Redação Rios
BRASÍLIA (DF) – Por unanimidade, o Supremo Tribunal Federal (STF) decidiu na quinta-feira (17) que o Ministério da Saúde deve acrescentar o termo “parturiente” ao lado de “mãe” na Declaração de Nascido Vivo (DNV), documento obrigatório emitido no nascimento de uma criança. A medida visa promover a inclusão da população transexual no sistema de saúde público.

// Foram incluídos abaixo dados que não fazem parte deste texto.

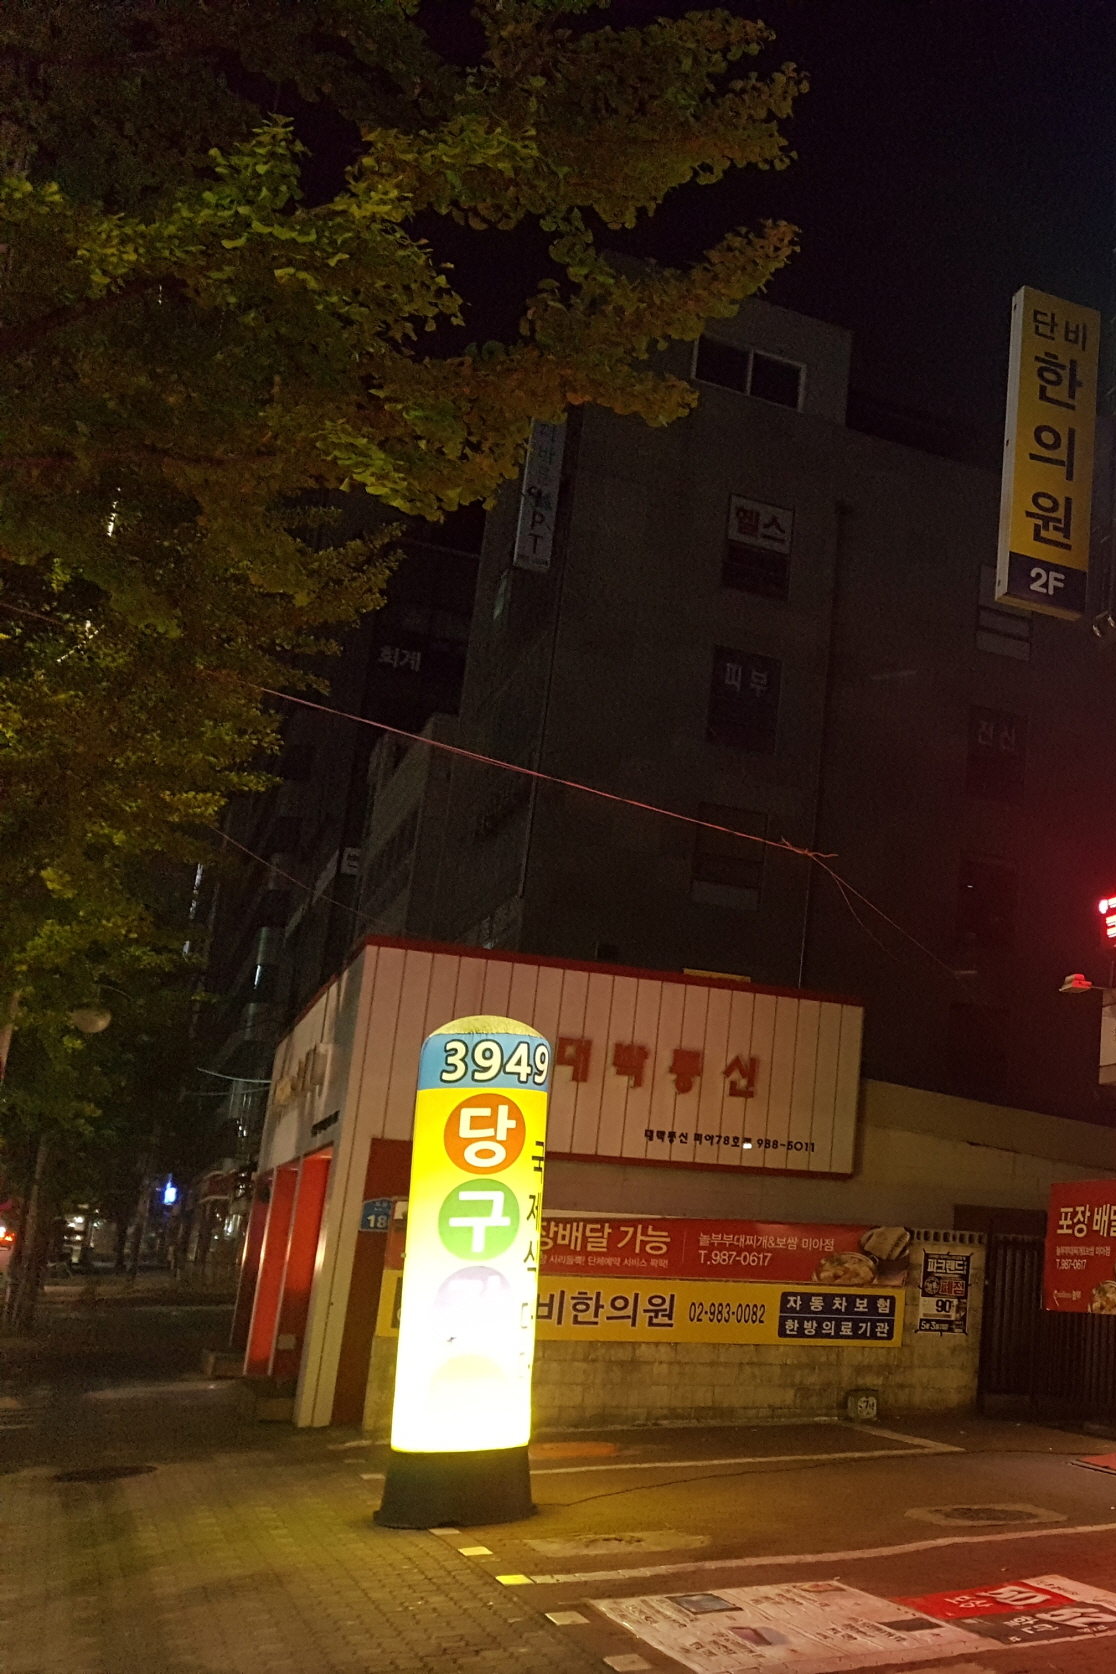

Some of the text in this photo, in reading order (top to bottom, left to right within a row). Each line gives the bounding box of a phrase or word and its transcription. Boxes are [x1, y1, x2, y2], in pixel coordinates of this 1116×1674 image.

O termo “parturiente”, que se refere à pessoa que deu à luz, será incorporado para abranger indivíduos transexuais que venham a parir, assegurando o respeito à identidade de gênero. A decisão faz parte de um esforço para adaptar os documentos oficiais à realidade de uma sociedade mais inclusiva.
Julgamento retomado
Embora o caso tenha sido inicialmente analisado em julho de 2024, a questão da DNV não obteve consenso na sessão virtual. Dessa forma, o STF retomou a discussão no plenário físico para definir este ponto específico. A decisão também reafirma o direito ao atendimento médico para pessoas transexuais e travestis no SUS, incluindo especialidades relacionadas ao sexo biológico.
Mudanças no documento
A partir da decisão, o layout do DNV será ajustado para conter as categorias “parturiente/mãe”, com preenchimento obrigatório, e “responsável legal/pai”, que será opcional. O campo anterior de “responsável legal” será substituído pela nova terminologia. Essas alterações já vinham sendo adotadas pelo Ministério da Saúde, mas a decisão do STF impede que o governo reverta a medida no futuro.

Contexto
A ação foi apresentada pelo Partido dos Trabalhadores (PT) e teve como relator o ministro Gilmar Mendes. Em 2021, Mendes já havia determinado, em caráter liminar, que o documento fosse adaptado para incluir a categoria “parturiente”, independentemente do gênero dos genitores. Agora, a Corte estabelece formalmente a inclusão dos pares “parturiente/mãe” e “responsável legal/pai”, permitindo que as pessoas escolham os termos que mais correspondem à sua realidade.
Sobre o DNV
O DNV é um documento essencial que registra os dados iniciais do nascimento, como as informações do recém-nascido, o local do parto e quem deu à luz. Ele serve de base para a emissão da Certidão de Nascimento em cartório. A alteração do STF moderniza o DNV para garantir que todas as pessoas, independentemente de sua identidade de gênero, sejam devidamente representadas.